Cannes, France --- If you haven’t been following our articles and posts, here’s a quick recap: the world of the cinema is changing. It has changed. The future is right now. This has been the predominant theme of the 70th Cannes Film Festival.

We have talked about streaming cinema (via Netflix and Amazon Studios) here in the competition with films. But what in the world is the American cable network “Showtime” doing here on the pure and holy grounds of the Palais? Showtime is here at Cannes with David Lynch’s “Twin Peaks” and Jane Campion’s “Top Of The Lake”. This ‘cinema-as-TV’, as some call it, is not in competition, but rather is being described as part of Cannes’ “anniversary event.”

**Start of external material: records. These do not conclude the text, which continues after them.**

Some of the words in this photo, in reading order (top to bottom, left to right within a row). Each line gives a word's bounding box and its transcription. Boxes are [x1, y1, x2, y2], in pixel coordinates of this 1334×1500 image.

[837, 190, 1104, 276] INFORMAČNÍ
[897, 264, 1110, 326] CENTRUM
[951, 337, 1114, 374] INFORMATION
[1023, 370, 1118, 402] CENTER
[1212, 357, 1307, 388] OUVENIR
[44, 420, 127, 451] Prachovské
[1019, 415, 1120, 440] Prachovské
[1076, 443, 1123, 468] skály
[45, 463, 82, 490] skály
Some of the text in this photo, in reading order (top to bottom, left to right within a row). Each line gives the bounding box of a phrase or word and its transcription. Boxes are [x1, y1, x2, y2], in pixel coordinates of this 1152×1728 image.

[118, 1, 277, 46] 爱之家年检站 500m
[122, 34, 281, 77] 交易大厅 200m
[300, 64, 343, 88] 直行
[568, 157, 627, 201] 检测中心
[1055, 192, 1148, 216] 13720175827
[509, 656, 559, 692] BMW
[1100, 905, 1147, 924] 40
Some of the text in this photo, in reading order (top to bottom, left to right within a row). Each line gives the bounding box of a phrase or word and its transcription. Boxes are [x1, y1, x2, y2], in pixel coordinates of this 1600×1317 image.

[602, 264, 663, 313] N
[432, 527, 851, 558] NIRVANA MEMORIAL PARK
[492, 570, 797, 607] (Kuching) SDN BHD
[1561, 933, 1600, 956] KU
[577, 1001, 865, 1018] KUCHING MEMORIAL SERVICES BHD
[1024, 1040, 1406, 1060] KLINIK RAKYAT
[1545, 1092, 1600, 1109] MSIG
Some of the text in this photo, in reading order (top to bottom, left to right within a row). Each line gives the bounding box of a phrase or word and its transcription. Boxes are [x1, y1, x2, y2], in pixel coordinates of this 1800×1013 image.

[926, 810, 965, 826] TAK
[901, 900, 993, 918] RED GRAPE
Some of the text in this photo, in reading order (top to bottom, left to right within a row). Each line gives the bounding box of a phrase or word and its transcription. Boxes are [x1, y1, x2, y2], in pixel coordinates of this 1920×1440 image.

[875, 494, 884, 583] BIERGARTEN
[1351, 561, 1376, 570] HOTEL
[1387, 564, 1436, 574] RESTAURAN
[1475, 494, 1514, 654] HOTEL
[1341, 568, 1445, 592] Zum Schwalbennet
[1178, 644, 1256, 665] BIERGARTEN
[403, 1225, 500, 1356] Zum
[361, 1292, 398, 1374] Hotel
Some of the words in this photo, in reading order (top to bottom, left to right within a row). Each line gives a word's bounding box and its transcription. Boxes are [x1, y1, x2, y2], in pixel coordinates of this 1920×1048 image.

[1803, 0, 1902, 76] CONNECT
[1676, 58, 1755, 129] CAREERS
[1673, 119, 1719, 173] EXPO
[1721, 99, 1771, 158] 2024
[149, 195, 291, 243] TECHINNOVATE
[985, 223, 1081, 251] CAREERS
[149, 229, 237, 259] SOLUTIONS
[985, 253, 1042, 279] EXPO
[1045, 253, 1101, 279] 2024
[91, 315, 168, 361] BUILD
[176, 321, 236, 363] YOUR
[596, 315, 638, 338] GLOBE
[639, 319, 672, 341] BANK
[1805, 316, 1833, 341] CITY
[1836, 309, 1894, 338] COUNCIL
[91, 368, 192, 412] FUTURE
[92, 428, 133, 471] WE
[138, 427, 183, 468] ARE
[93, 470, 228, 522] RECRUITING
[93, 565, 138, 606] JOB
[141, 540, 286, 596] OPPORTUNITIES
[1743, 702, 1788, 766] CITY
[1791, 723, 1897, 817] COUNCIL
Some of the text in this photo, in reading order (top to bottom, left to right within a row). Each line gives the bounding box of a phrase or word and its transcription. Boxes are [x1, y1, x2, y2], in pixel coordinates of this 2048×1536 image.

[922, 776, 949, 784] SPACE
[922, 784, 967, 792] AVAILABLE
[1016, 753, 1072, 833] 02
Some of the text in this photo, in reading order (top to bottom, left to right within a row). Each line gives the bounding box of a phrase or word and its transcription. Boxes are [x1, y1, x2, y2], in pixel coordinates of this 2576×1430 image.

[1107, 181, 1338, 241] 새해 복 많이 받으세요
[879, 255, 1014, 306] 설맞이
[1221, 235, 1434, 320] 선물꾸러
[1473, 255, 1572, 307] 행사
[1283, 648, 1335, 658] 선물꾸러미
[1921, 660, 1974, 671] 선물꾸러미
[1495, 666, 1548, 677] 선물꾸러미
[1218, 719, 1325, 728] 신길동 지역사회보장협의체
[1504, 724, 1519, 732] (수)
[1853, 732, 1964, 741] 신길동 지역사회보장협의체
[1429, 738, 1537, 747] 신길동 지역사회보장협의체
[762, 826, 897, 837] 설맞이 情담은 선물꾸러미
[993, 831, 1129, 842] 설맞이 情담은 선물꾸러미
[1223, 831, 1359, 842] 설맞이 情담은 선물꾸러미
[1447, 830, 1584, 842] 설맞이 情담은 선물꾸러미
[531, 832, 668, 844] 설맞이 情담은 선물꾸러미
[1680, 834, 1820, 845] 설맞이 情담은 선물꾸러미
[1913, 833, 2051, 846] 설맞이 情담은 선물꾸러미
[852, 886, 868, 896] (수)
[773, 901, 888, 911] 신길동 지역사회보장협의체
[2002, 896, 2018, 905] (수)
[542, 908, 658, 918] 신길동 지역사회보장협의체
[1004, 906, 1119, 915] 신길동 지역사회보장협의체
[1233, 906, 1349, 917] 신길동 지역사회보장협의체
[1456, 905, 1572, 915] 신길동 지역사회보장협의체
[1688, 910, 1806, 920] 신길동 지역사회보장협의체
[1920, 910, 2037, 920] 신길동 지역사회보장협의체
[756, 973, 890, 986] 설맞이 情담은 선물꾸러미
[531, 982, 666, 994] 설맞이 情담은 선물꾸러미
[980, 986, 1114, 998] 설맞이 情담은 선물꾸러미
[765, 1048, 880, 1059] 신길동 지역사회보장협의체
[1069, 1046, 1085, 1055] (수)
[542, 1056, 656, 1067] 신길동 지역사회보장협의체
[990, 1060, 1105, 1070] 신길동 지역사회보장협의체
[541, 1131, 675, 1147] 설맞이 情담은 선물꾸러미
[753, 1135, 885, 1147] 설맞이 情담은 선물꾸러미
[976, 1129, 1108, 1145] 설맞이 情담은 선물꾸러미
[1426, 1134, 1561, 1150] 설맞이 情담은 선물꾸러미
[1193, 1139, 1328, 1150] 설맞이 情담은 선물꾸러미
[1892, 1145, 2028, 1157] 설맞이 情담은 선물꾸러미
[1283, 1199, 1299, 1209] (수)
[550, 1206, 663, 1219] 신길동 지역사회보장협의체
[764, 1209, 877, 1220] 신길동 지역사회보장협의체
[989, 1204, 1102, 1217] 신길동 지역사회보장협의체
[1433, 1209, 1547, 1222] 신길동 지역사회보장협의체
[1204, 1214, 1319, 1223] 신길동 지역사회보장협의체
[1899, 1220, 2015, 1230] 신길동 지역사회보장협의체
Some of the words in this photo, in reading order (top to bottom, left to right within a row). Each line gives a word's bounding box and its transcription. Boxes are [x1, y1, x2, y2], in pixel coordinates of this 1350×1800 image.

But this means something more than just an anniversary event special. With the two titles, Cannes is also highlighting the symbiosis and osmosis of respected filmmakers (or “auteurs”) like Mr. Lynch and Ms. Campion working the medium of television. Cannes is spotlighting how the lines are increasingly being blurred between cinema, streaming cinema, and cinema-as-TV. Who can really tell the difference anymore? Whether it is HBO’s “Game Of Thrones” or Netflix “The Crown” it all looks and feels like “cinema.” As someone that has spent the last two years travelling the globe making films, I am personally here for all of it. Some of the best cinema I’m watching these days isn’t in a darkened theater. It is on television. And streamed online. Quite frankly, it’s all a blur.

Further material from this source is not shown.